O músculo esquelético no adulto é um tecido pós-meiótico composto principalmente de miofibers multinucleados, que são as células efeitosoras para movimentos voluntários. Tem uma notável capacidade de regeneração, um processo que se assemelha à miogênese embrionária e sofre prejuízos na idade e na doença1. Esta capacidade regenerativa marcante do músculo esquelético depende de células-tronco musculares (MuSCs), que também são denominadas células satélites devido à sua localização entre o sarcolemma e a lamina basal dos miofibers2,3. Em condições de repouso, os MuSCs são quiescentes e caracterizados pela expressão do fator de transcrição Pax7 e marcadores de quiescência como Sprouty14,5,6,7,8. Após a ativação, por exemplo, após lesão, os MuSCs deixam o estado quiescente e regulam o fator regulatório miogênico MyoD9. Os MuSCs duplo positivos Pax7/MyoD proliferam e diferenciam assim as células precursoras miogênicas, que também são frequentemente referidas como myoblasts. Esses mióblaos então se diferenciam ainda mais em miócitos alongados, um processo coincidindo com alterações moleculares e morfológicas, por exemplo, perda de Pax7 e regulação da expressão miogenina10. Miócitos, então, eventualmente se fundem uns aos outros ou aos miofibers existentes, reparando assim o tecido danificado. É importante ressaltar que uma pequena fração de células-tronco musculares reverte a regulação do MyoD e é capaz de se auto-renovar11. O status da diferenciação do MuSC e da progressão miogênica pode ser facilmente observado pela investigação de marcadores miogênicos como Pax7, MyoD e Myogenin10.
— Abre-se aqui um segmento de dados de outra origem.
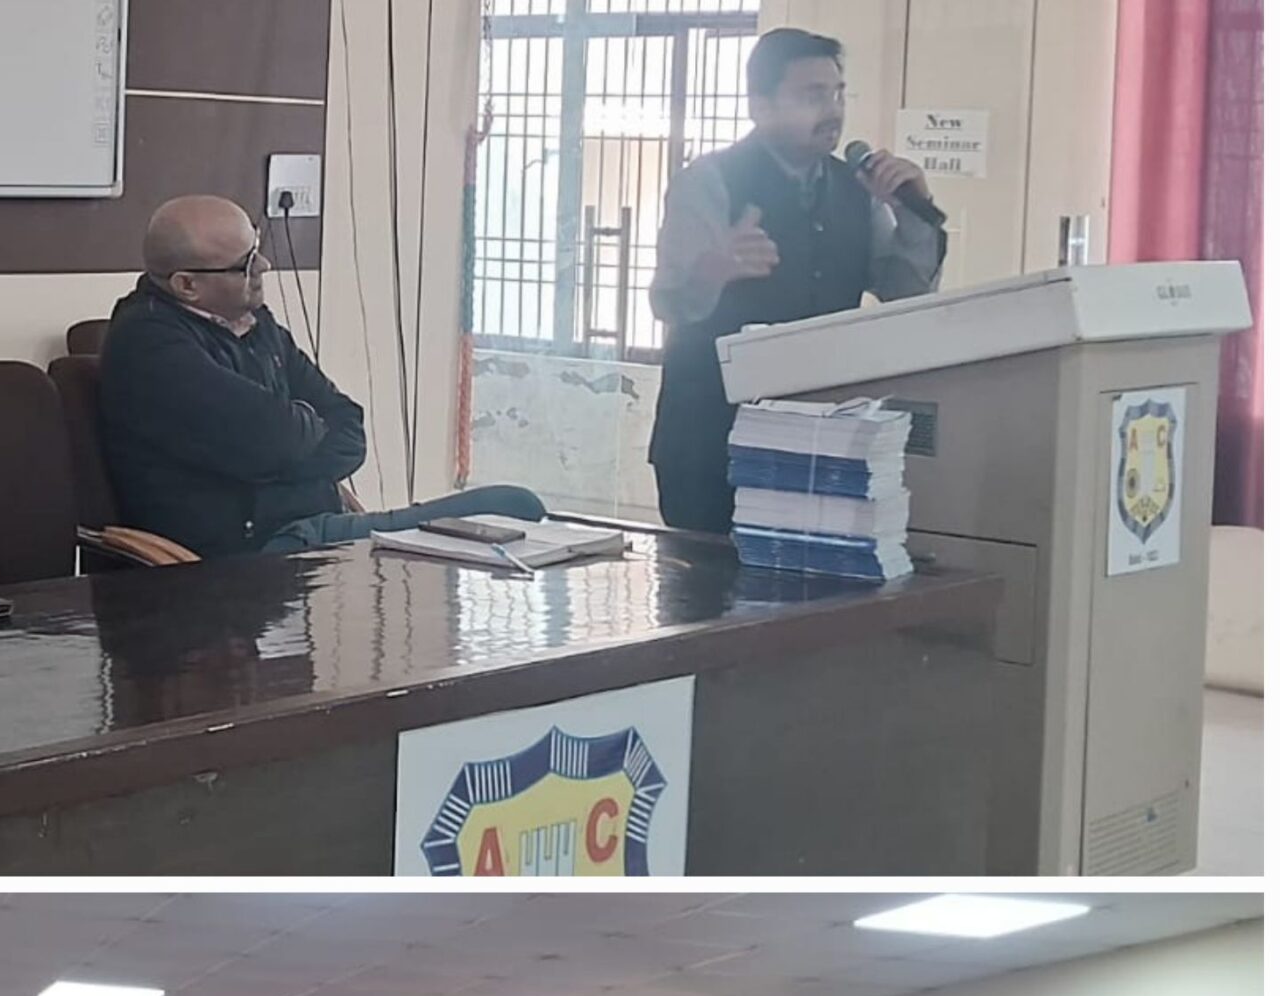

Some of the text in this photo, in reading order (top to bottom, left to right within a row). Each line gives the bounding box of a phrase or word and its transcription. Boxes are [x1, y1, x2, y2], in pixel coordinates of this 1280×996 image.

A cultura de myofibers únicos com seus MuSCs adjacentes é um excelente método para investigar a funcionalidade do MuSC em um ambiente ex vivo, uma vez que os MuSCs permanecem em seu nicho endógeno12,13. O comportamento dos MuSCs é regulado por sinais intrínsecos, bem como sinais extrínsecos fornecidos pelo nicho, local anatômico especializado composto por componentes da matriz extracelular (ECM) em torno dos MuSCs e da própria miofibra. Por exemplo, um dos reguladores extrínsecos da quiescência musc é a sinalização notch. Aqui, as sinalizações são recebidas pelos MuSCs tanto da miofibra quanto do ECM14,15,16. Além disso, o nicho musc é importante para controlar o eixo de divisão dos MuSCs, regulando assim o destino celular das células filhas musc17,18. Razoavelmente, parâmetros como divisões assimétricas de MuSC, progressão miogênica e auto-renovação podem ser avaliados exclusivamente nesta configuração experimental. Por exemplo, um aglomerado multicelular pode se formar decorrente de um MuSC após um período de cultura de 72 h, que pode ser investigado para a ocorrência e percentual de populações miogênicas distintas, como muSCs autoconexantes, proliferantes e ainda mais diferenciados8,19,20,21. O estado de diferenciação dos MuSCs pode ser determinado pela investigação da expressão/co-expressão de Pax7, MyoD e Myogenin. Após 72 h de cultura, as células em um cluster podem ser discriminadas pelos seguintes parâmetros: apenas as células Pax7 são MuSCs auto-renovador, enquanto as células duplas positivas Pax7/MyoD estão proliferando/ativadas MuSCs e células miogênicas ainda mais diferenciadas são Myogenina positiva22. Além disso, os números de MuSC ou a reentrada no ciclo/ativação celular podem ser investigados, além da progressão miogênica, por exemplo, através de análises baseadas em imunofluorescência com base nos parâmetros descritos acima.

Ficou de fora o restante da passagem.